たくさんのペンギンのヒナ達が初めて海に出て行く。

岩肌を波打ち際までヨチヨチ歩き。

そして、初めての波に戸惑い、おそるおそる近づき、意を決して最初の一羽が飛び込む、

すると後に続いてどんどん飛び込んでいく。

そして、どうやら世の中には「ファーストペンギン」というビジネス用語があるらしい……。

 

最初に飛び込むペンギンは、「勇敢である、パイオニアである」というような捉え方らしいです。

 

しかしながら、これには他の解釈もあるようで、実は後ろにいた「セカンドペンギン」に押されてやむなく海に飛び込んだ「おっちょこちょい」という人もいる。

これらを踏まえて、先日訪れたオーストラリアでの出来事。

 

過去に行ったニュージーランドでもそうでしたが、オーストラリアでもエントリーする際に、岩場から海にジャンプをして入るようなポイントが数多くあります。

 

あまりこのような経験をしたことがない私は、パワーのあるオーストラリアの波で、まずはこの「エントリー」が試練となりました。

 

見た目は肩〜頭くらいのコンディションでも、頭半〜ダブルくらいの波がまとまって入ってくる、この南半球の壮大なうねりが早々に私をビビらせました。

1日目、なんとかエントリーできましたが、意を決するまでに20分くらいはかかりました。

傍らには体育座りで見ているサーファーも。

 

その翌日から、この辺り一体は大きくサイズアップし、いよいよどこもかしこもダブルオーバーサイズ。

 

状況を詳しく説明すると

まず自分がどの岩から飛び込むのかを決める。

同時に、セット間隔を気にしておく。

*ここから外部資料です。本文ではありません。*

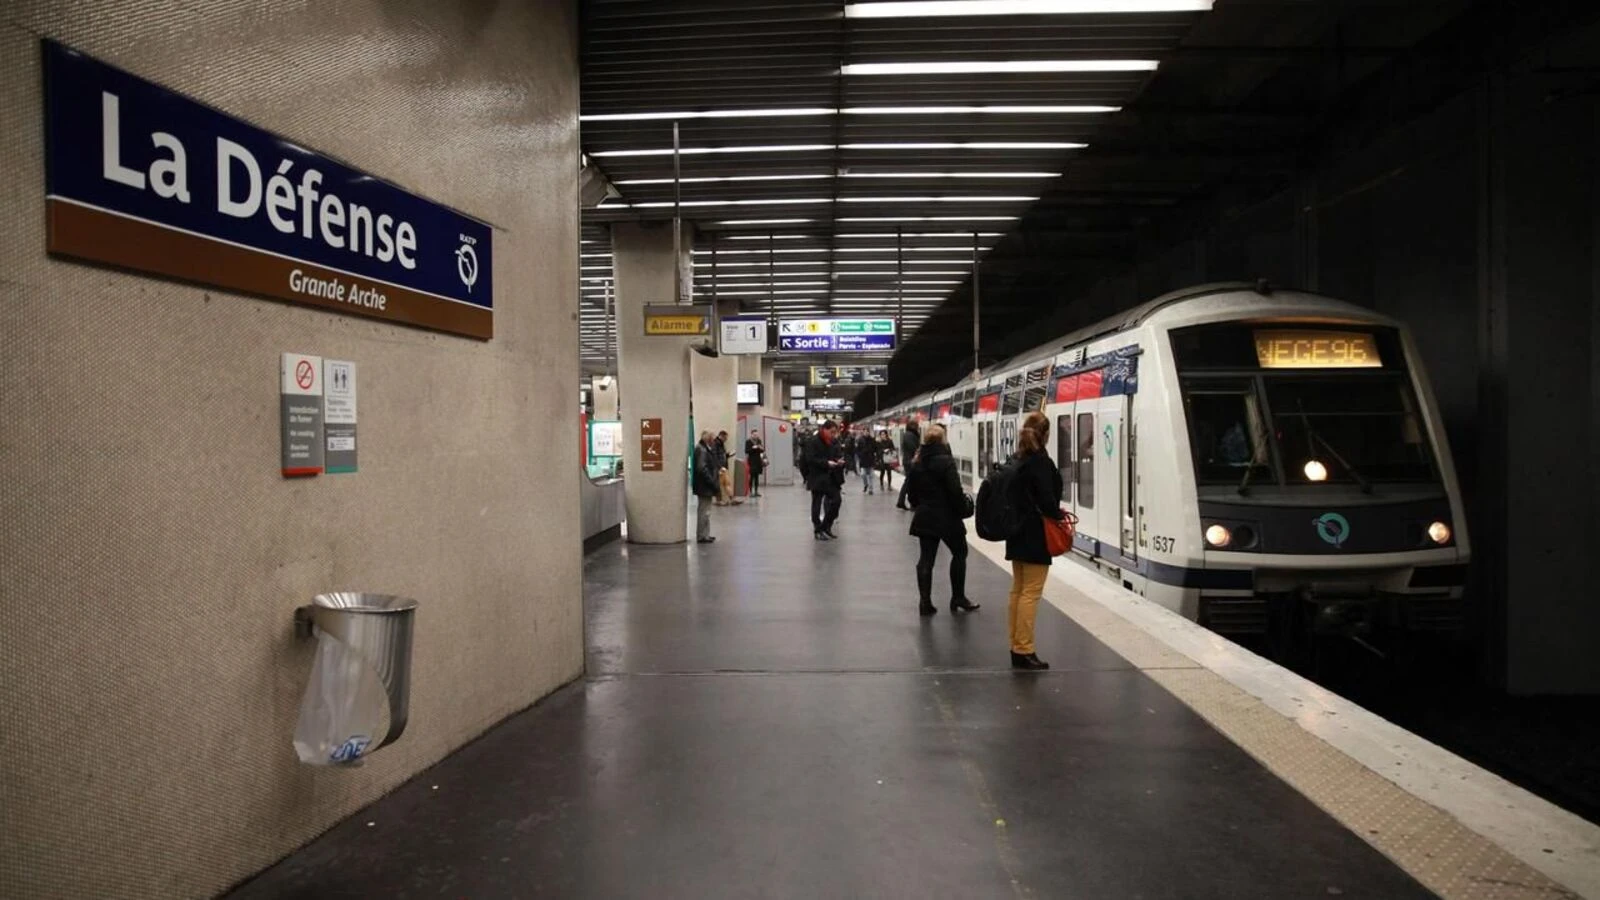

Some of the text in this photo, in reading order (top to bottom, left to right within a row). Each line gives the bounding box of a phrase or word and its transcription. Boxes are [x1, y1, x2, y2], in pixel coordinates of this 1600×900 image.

[102, 90, 417, 270] La Défense
[289, 269, 387, 311] Grande Arche
[651, 320, 693, 330] Alarme
[749, 326, 756, 339] 1
[794, 337, 829, 349] Sortie
[1152, 535, 1175, 554] 1537

(飛び込んだ後もすぐに沖には辿り着くことが難しいためできるだけ猶予が欲しい)

もちろん足場は悪いため、足元に気をつけて波打ち際に近づく。

途中でセットがきてしまえば、安全な所まで引き返す。

リーシュを着けるタイミングも大事。

 

これらを、沖でダブルオーバーの波が来ているような場所で行うのですから、それはそれは心が折れそうになります。

 

後から来た人が、なんなくエントリーしてしまうこともあれば、転んだり波に押し戻されたりする人も。

諦めて引き返す人もいます。

 

「ここからエントリーすればやりやすいよ」なんていう場所はなく、(あるかもしれませんが全てはコンディション次第なので)

皆、それぞれに人を観察しつつも、自分を信じて、最後は自分の決めたタイミングで飛び込むしかありません。

思い出しただけでも、息が苦しくドキドキしてしまいます。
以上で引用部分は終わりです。